(WORK ORDER):
All of the data must be output without alteration.
■ ■ ■ ■ ■
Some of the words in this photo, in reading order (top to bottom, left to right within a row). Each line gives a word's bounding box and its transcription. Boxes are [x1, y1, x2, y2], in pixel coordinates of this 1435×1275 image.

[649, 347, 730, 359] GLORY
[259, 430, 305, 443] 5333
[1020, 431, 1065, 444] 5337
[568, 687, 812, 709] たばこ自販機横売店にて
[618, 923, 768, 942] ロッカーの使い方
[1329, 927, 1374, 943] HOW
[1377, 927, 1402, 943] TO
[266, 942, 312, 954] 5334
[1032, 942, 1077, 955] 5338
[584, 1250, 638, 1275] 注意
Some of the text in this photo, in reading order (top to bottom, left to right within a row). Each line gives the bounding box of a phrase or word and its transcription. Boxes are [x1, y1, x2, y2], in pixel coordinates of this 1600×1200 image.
■ ■ ■ ■ ■
(RESPONSE AREA):
Some of the words in this photo, in reading order (top to bottom, left to right within a row). Each line gives a word's bounding box and its transcription. Boxes are [x1, y1, x2, y2], in pixel coordinates of this 1435×1275 image.

[649, 347, 730, 359] GLORY
[259, 430, 305, 443] 5333
[1020, 431, 1065, 444] 5337
[568, 687, 812, 709] たばこ自販機横売店にて
[618, 923, 768, 942] ロッカーの使い方
[1329, 927, 1374, 943] HOW
[1377, 927, 1402, 943] TO
[266, 942, 312, 954] 5334
[1032, 942, 1077, 955] 5338
[584, 1250, 638, 1275] 注意
Some of the text in this photo, in reading order (top to bottom, left to right within a row). Each line gives the bounding box of a phrase or word and its transcription. Boxes are [x1, y1, x2, y2], in pixel coordinates of this 1600×1200 image.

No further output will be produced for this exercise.